Wednesday, October 28, 2009

Bert and Ernie




Last Saturday evening in the bar

Bert: Have you seen my Ernie?
Nic: No, why?
Bert: I can't find him.
Nic: Did you lose him?
Bert: I haven't seen him all night!
Nic: Dear Bert, there are personal problems and public problems. This is a personal problem....

Tuesday, October 27, 2009

Battles won, battles lost



The Councillor in Rotterdam responsible for Health, Jantine Kriens, has decided that Hiv patients no longer need psycho-social support.

Why? Because, she says, new methods of treatment mean that people with Hiv can now live to a ripe old age.

So organisations such as Humanitas which used to receive approximately 100,000 euro subsidy each year have been told that as of next year the subsidy stops.

What Ms Kriens conveniently forgets (or ignores) is that Hiv is a very different disease to other chronic diseases such as Diabetes, Cancer etc. First and foremost of course is that it is an all inclusive disease in as such as being Hiv infected means a higher risk of contracting Diabetes, Hart diseases, Cancer etc.

Add to this an almost universal stigma associated with Hiv and its hardly surprising when one finds out as a newly infected Hiv+ person that the world is not a very safe place any more.

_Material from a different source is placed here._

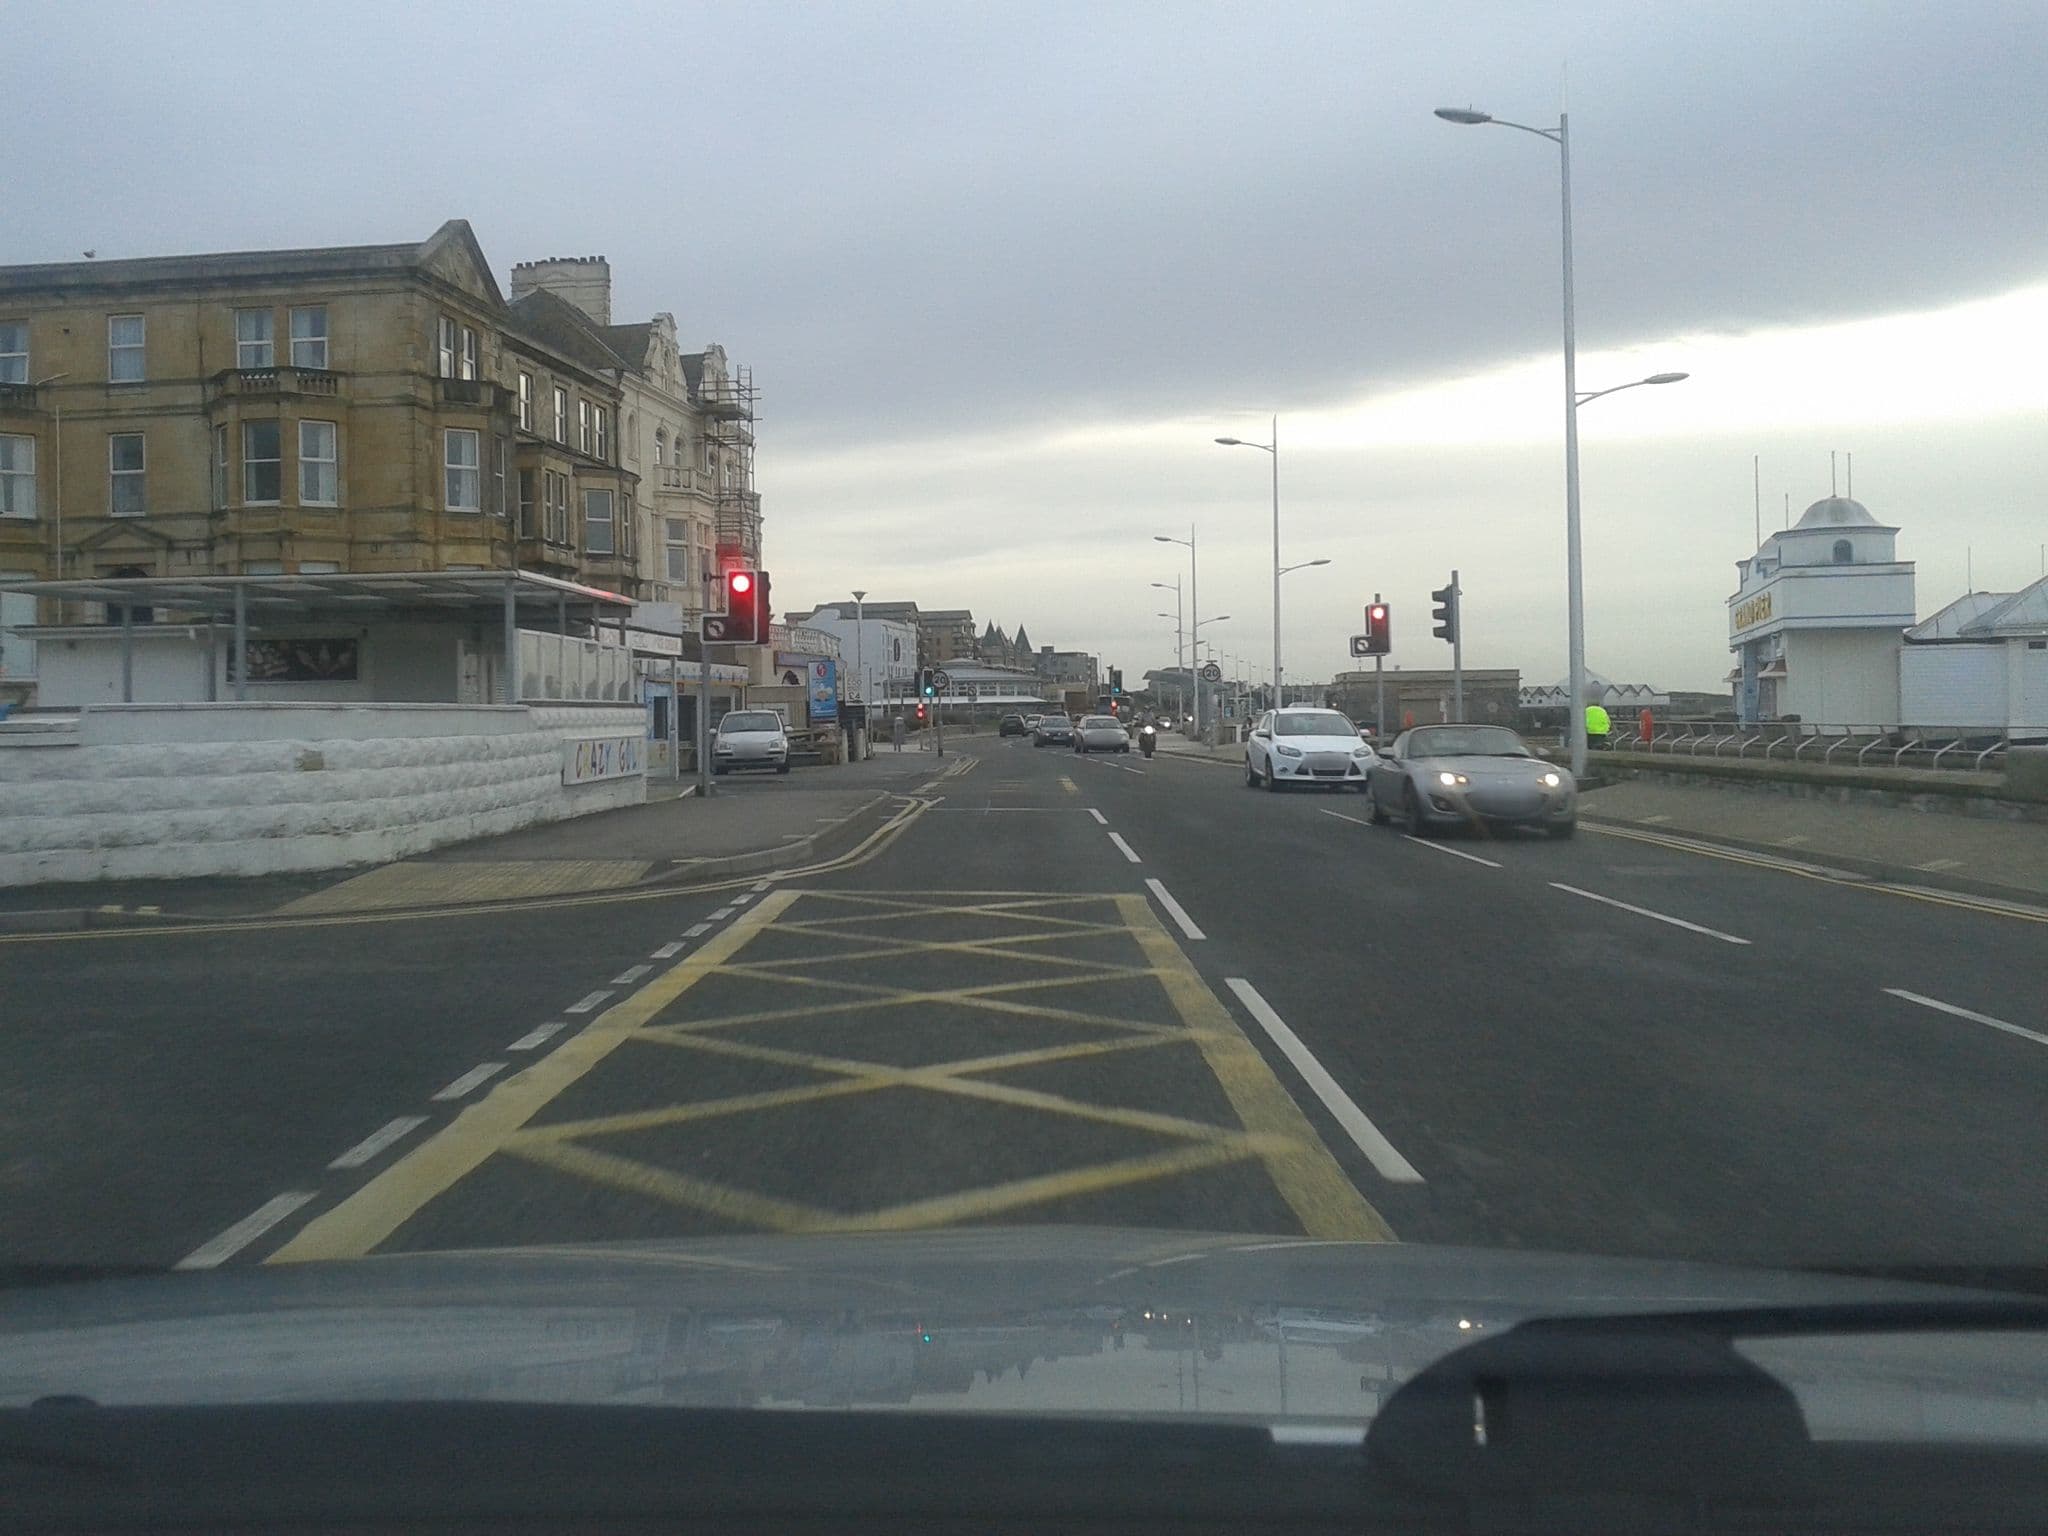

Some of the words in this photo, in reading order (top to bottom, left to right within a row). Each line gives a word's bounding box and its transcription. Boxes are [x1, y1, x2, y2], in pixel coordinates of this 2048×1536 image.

[1206, 669, 1218, 678] 20
[934, 675, 946, 684] 20
[576, 741, 611, 779] CRAZY

Psycho-social support for Hiv+ people is at least as necessary today as it ever was. Especially for Gay men with Hiv for so many reasons that I've talked about before.
The Schorer Stichting doesn't/won't do it at a National level so it is left to small local organisations to carry the burden, and it is these organisations that will feel the knife in the next few years.

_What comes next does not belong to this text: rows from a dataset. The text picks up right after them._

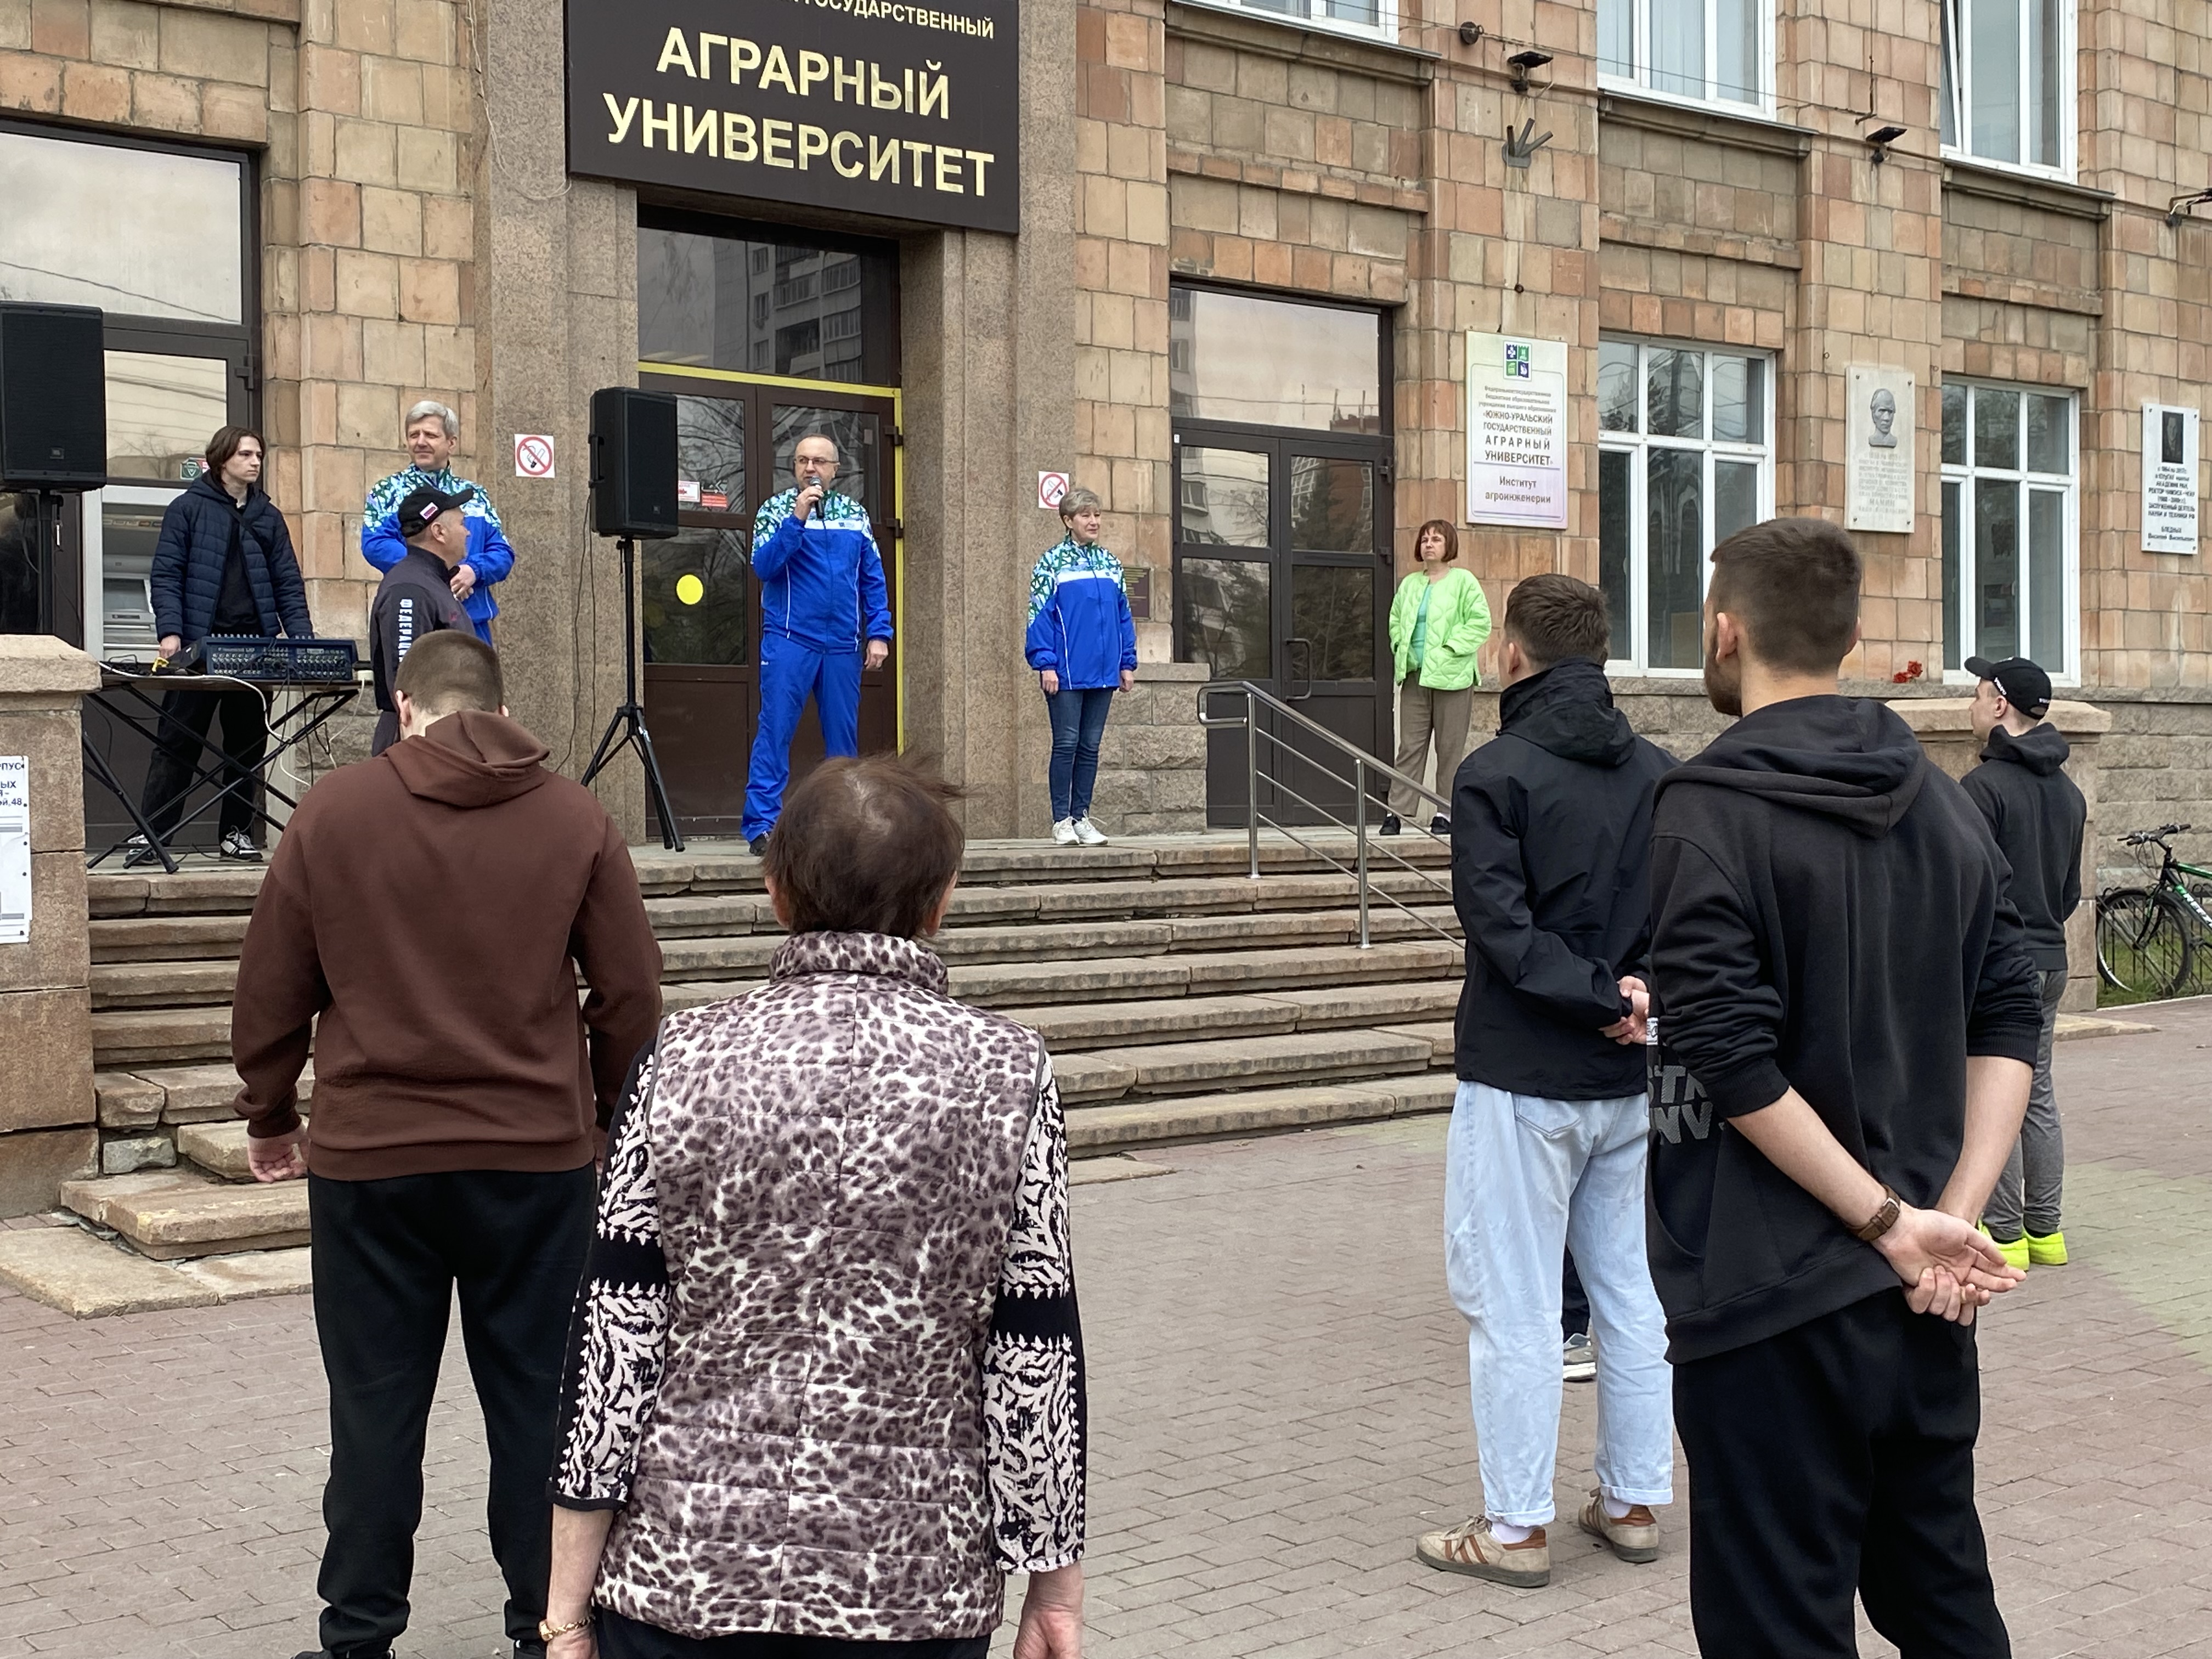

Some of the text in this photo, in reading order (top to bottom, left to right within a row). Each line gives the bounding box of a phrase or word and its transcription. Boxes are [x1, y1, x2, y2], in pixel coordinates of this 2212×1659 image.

[656, 26, 950, 120] АГРАРНЫЙ
[602, 92, 995, 198] УНИВЕРСИТЕТ
[1483, 422, 1551, 436] ГОСУДАРСТВЕННЫЙ
[1485, 435, 1550, 450] АГРАРНЫЙ
[1499, 476, 1537, 489] Институт
[1485, 492, 1551, 504] агроинженерии
[398, 599, 413, 662] ФЕДЕРАЦИ

Of course its all about the money, it always is. However this won't be the last time that someone in charge of the purse strings makes this kind of decision.

P.S.
By the way, this is a left wing councillor in a dominantly left wing council. So forget any ideas you had that this could only happen in a right wing country.

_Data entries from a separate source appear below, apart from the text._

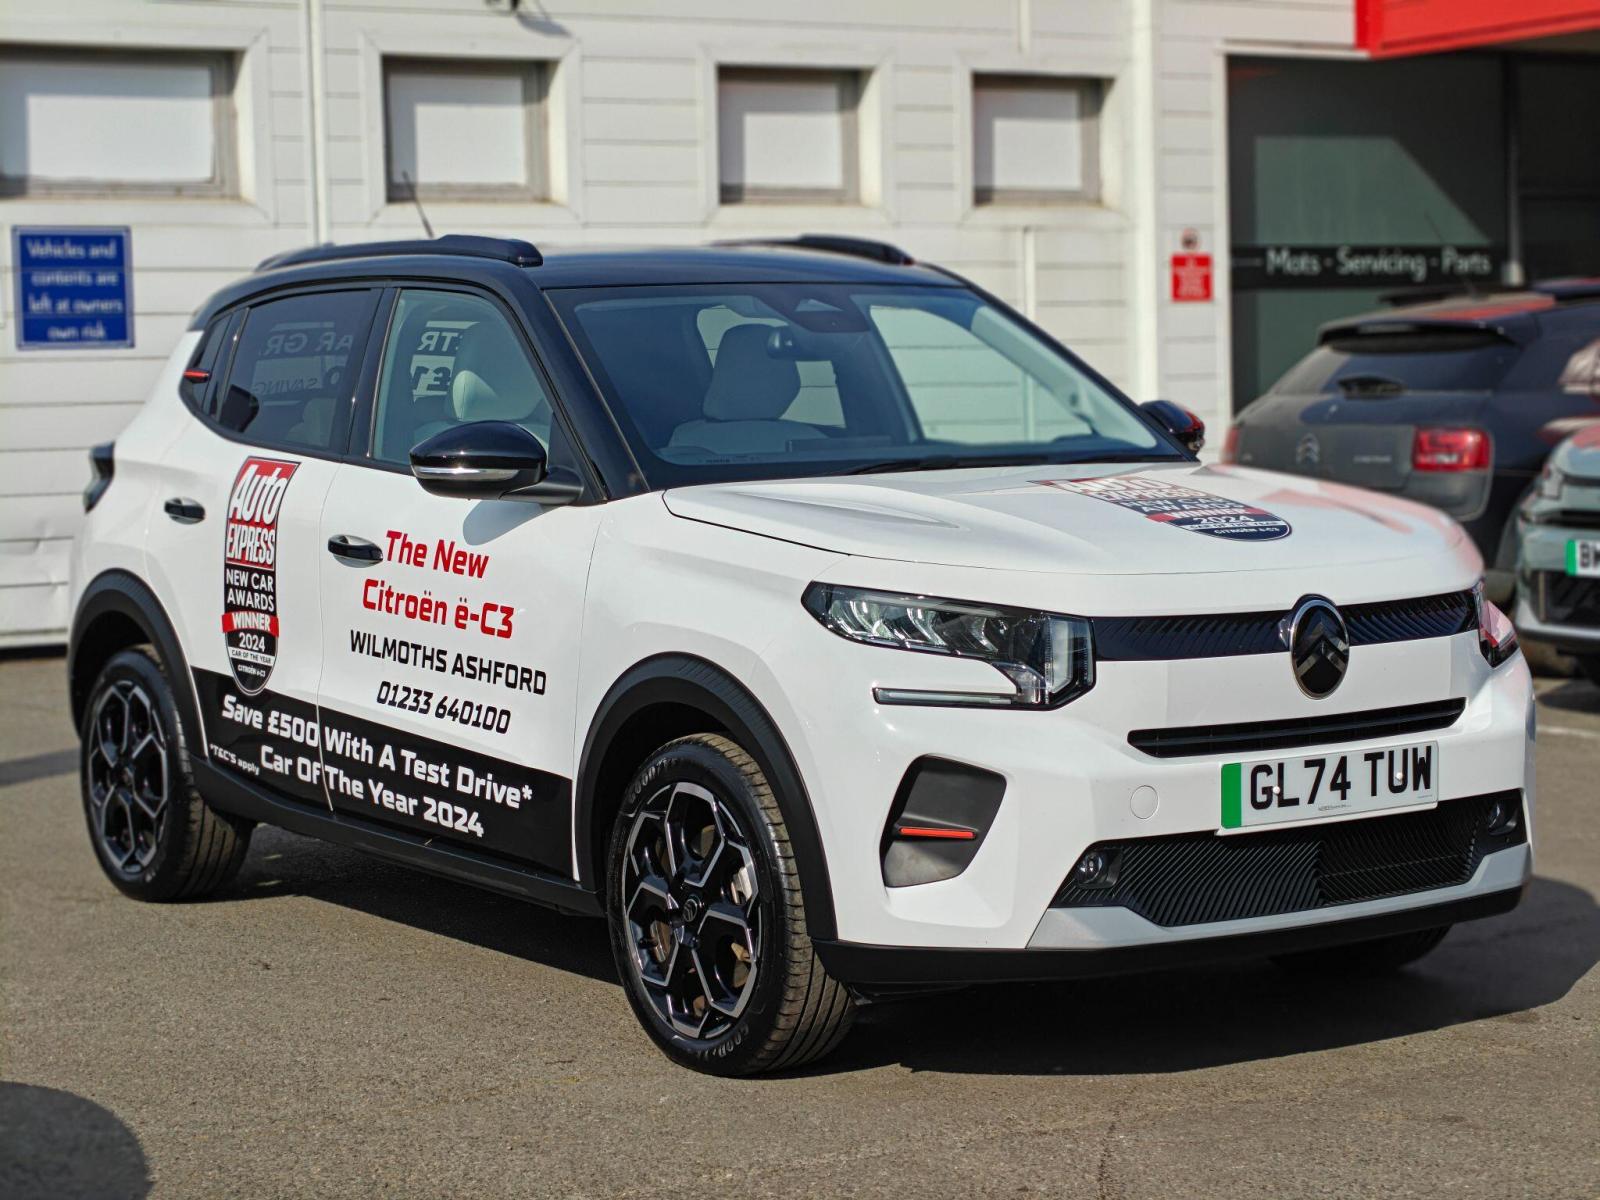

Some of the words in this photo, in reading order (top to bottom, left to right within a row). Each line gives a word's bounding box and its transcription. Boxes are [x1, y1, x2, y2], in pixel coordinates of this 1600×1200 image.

[26, 238, 86, 259] Vehicles
[89, 239, 117, 259] and
[31, 271, 92, 287] contents
[96, 272, 120, 287] are
[1267, 248, 1322, 276] Mots
[1336, 246, 1428, 283] Servicing
[1442, 247, 1493, 276] Parts
[28, 291, 51, 314] left
[56, 299, 70, 313] at
[73, 299, 123, 314] owners
[47, 326, 79, 340] own
[82, 320, 107, 339] risk
[228, 464, 289, 525] Auto
[226, 522, 276, 565] EXPRESS
[385, 529, 428, 568] The
[433, 539, 490, 578] New
[226, 568, 249, 587] NEW
[251, 572, 274, 592] CAR
[227, 588, 275, 612] AWARDS
[362, 578, 448, 625] Citroën
[454, 597, 515, 639] ë-C3
[234, 612, 271, 632] WINNER
[231, 649, 242, 657] CAR
[250, 653, 259, 661] THE
[239, 632, 266, 652] 2024
[350, 629, 448, 673] WILMOTHS
[451, 653, 547, 695] ASHFORD
[376, 681, 434, 715] 01233
[435, 695, 511, 734] 640100
[222, 694, 263, 730] Save
[267, 710, 320, 748] £500
[324, 726, 373, 764] With
[378, 744, 396, 771] A
[401, 749, 450, 788] Test
[238, 758, 260, 776] apply
[1250, 755, 1352, 811] GL74
[1363, 745, 1432, 797] TUW
[261, 744, 293, 775] Car
[324, 765, 364, 799] The
[368, 778, 418, 816] Year
[423, 796, 485, 838] 2024

Saturday, October 24, 2009

Viral Transmission

Transmitting the Hiv virus to someone else is the least of my worries
at the moment. My concern is with H1N1 and the consequences of
transmission to me.
The epidemic wave has begun in my circle of friends and although it
hasn't yet reached my 'inner ring' it is causing me concern.
My throat is sore and the hyperchondria is difficult to keep at bay ;-)


Sent from my iPhone

Wednesday, October 21, 2009

Changing Meds

Sorry for the extended break, but as you see from the title of this entry I've been changing meds - again.

The side-effects of my anti-depressives where really disrupting my life, but I'd been taking them so long that I'd actually forgotten what life was like without them. But that wasn't why I had to change.

They'd stopped working.

Anyone that has been hanging on in there with me over the years knows what that means. It ain't pretty.

To be honest it wasn't until I started weaning myself off the old pills that I realised how much I need anti-depressives. For the less well informed, its not feeling a bit down, its not having a difficult day, its not having trouble with the neighbours dog.

It is day after day of crying at the drop of a hat for no reason whatsoever without being able to control it.
It is a physical pain in the gut of fear, for no reason, without respite.
It is an inability to concentrate on even the words coming out of your mouth. Stringing words together to make a complete sentence is a nigh on impossibility.

However,
I'm on new pills now that are working and that means I'm out of the danger zone once again.